Given records: Begin

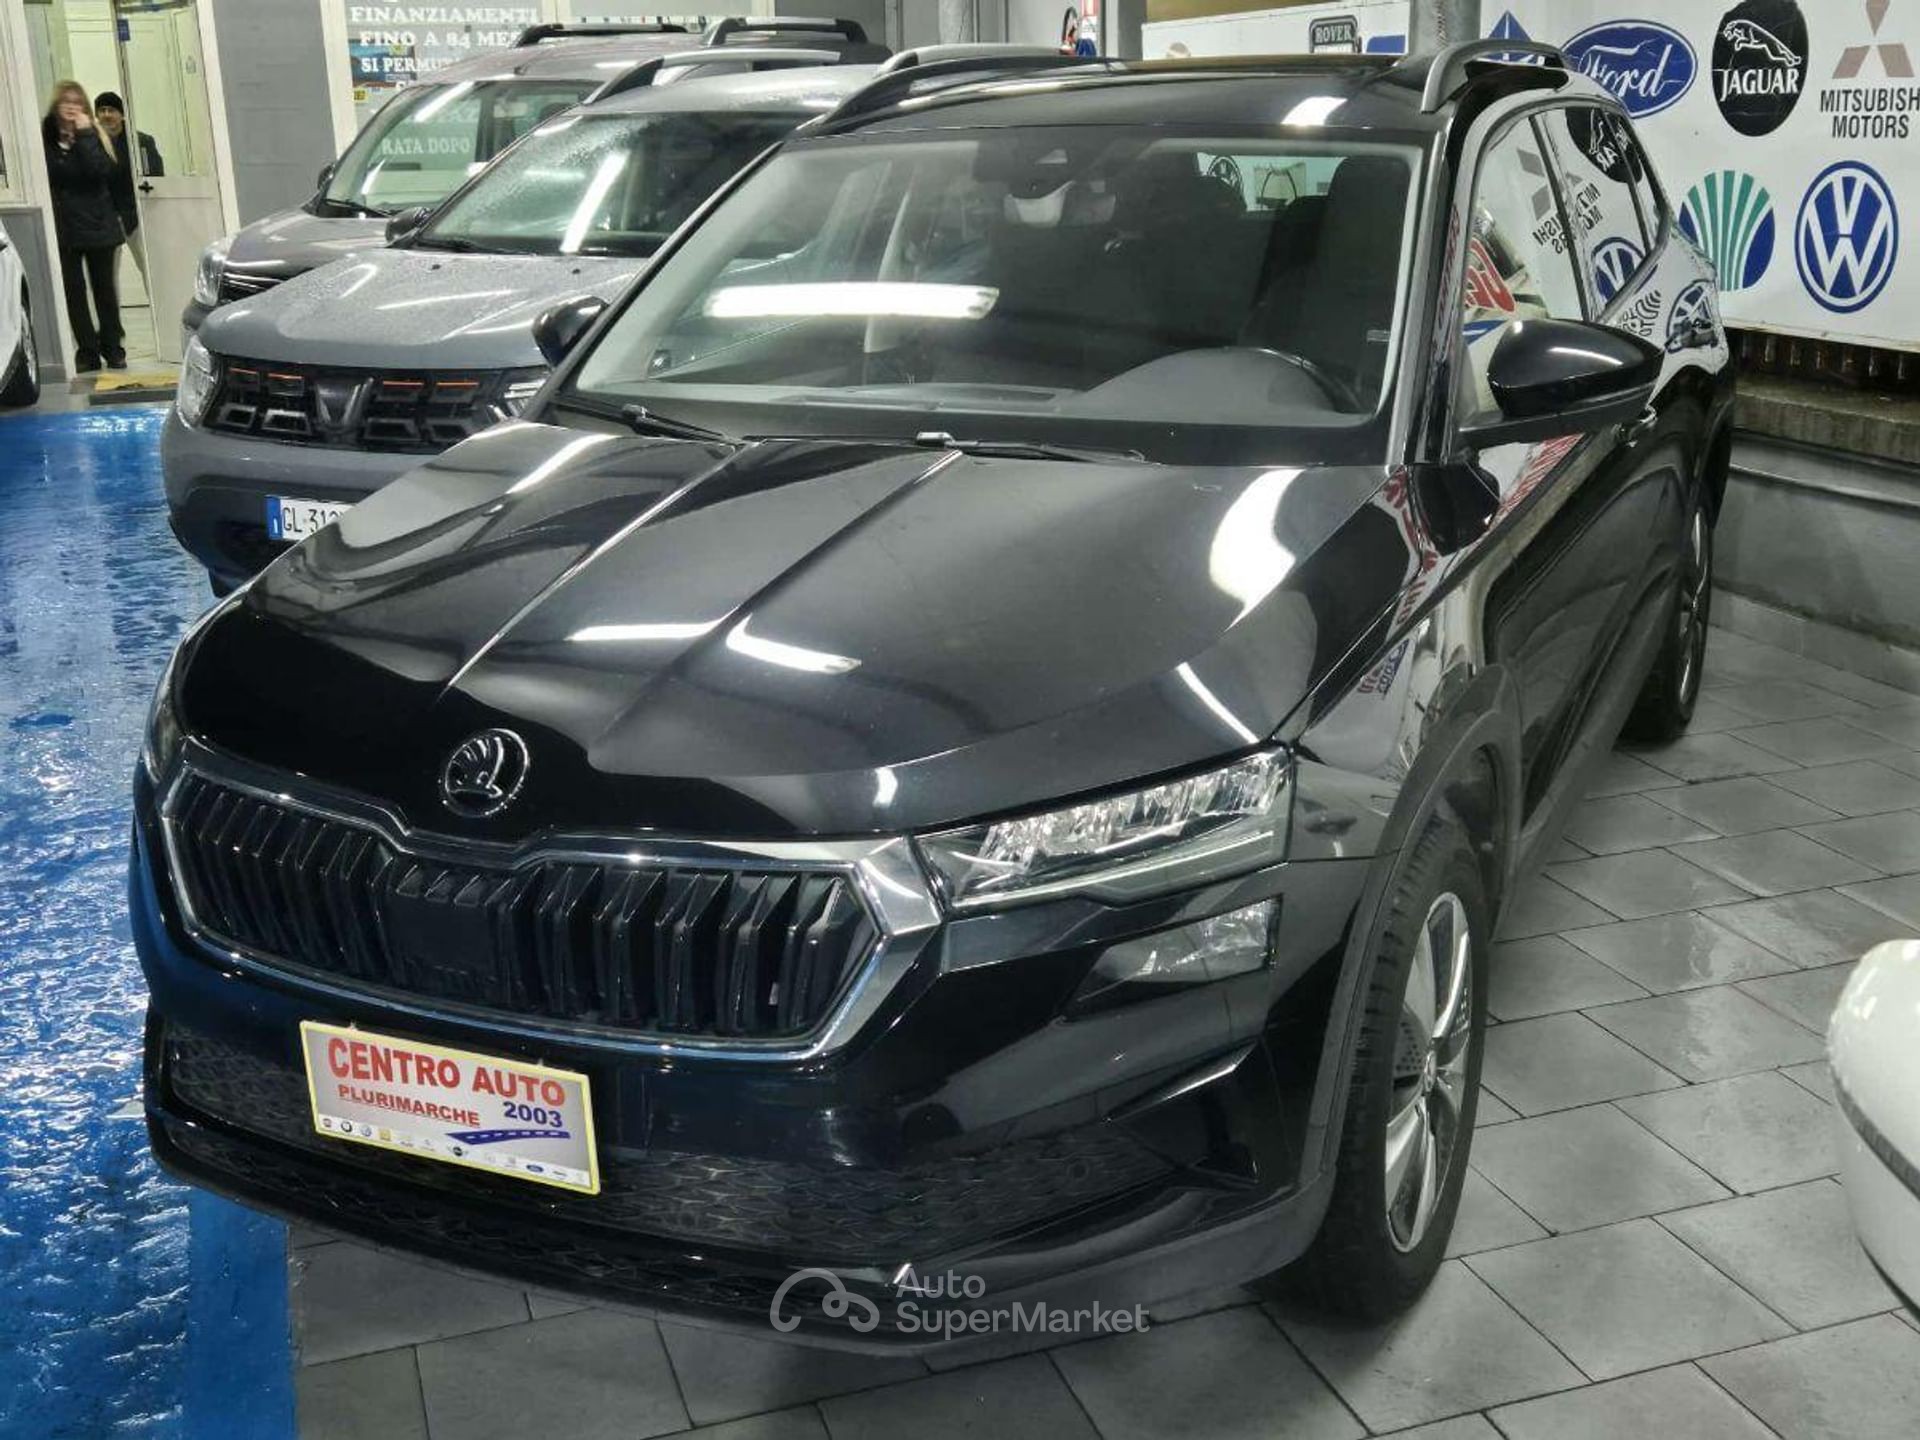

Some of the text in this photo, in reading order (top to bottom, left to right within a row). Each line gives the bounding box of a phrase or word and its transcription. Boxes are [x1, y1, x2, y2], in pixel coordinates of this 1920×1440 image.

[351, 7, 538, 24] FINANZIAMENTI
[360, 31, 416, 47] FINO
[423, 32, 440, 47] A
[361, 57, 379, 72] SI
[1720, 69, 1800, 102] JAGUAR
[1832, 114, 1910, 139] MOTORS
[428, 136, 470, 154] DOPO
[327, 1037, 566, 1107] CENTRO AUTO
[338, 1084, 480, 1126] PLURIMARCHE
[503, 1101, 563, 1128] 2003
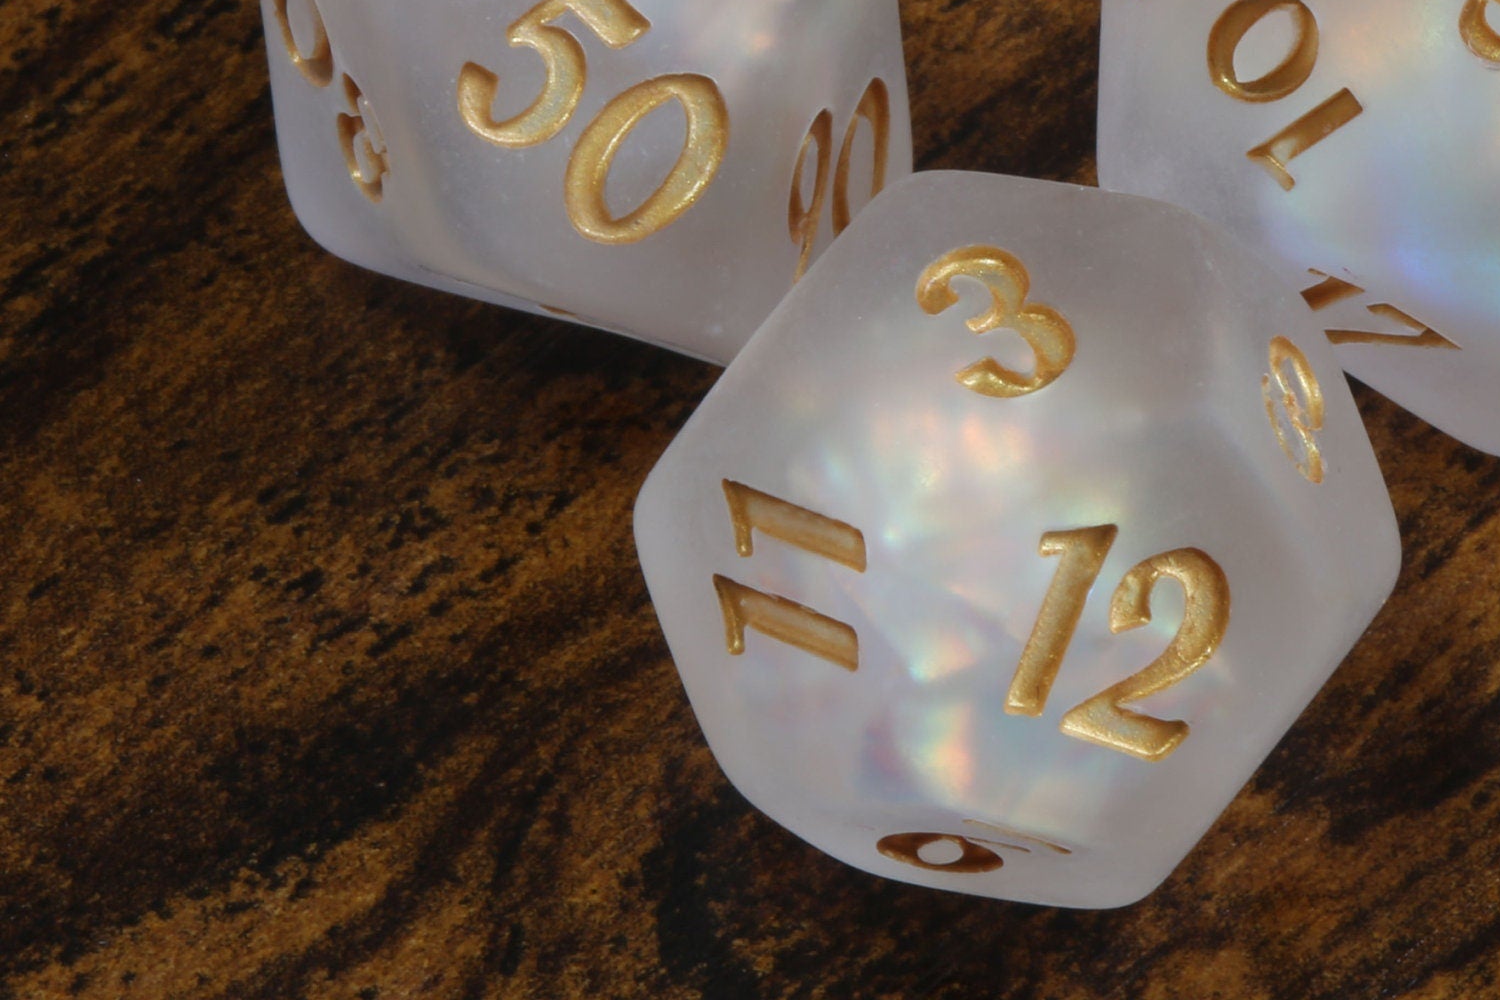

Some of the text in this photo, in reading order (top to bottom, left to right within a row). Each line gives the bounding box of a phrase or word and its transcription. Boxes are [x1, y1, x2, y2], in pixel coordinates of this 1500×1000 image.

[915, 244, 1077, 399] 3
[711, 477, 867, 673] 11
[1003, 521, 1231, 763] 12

Given records: End

▶ Exercise objective: Starting from the line holding "this 1500×1000 image.", restate the remaining lines of the data word for word, including the last.

▶ Solution:
Some of the text in this photo, in reading order (top to bottom, left to right within a row). Each line gives the bounding box of a phrase or word and its transcription. Boxes are [x1, y1, x2, y2], in pixel coordinates of this 1500×1000 image.

[915, 244, 1077, 399] 3
[711, 477, 867, 673] 11
[1003, 521, 1231, 763] 12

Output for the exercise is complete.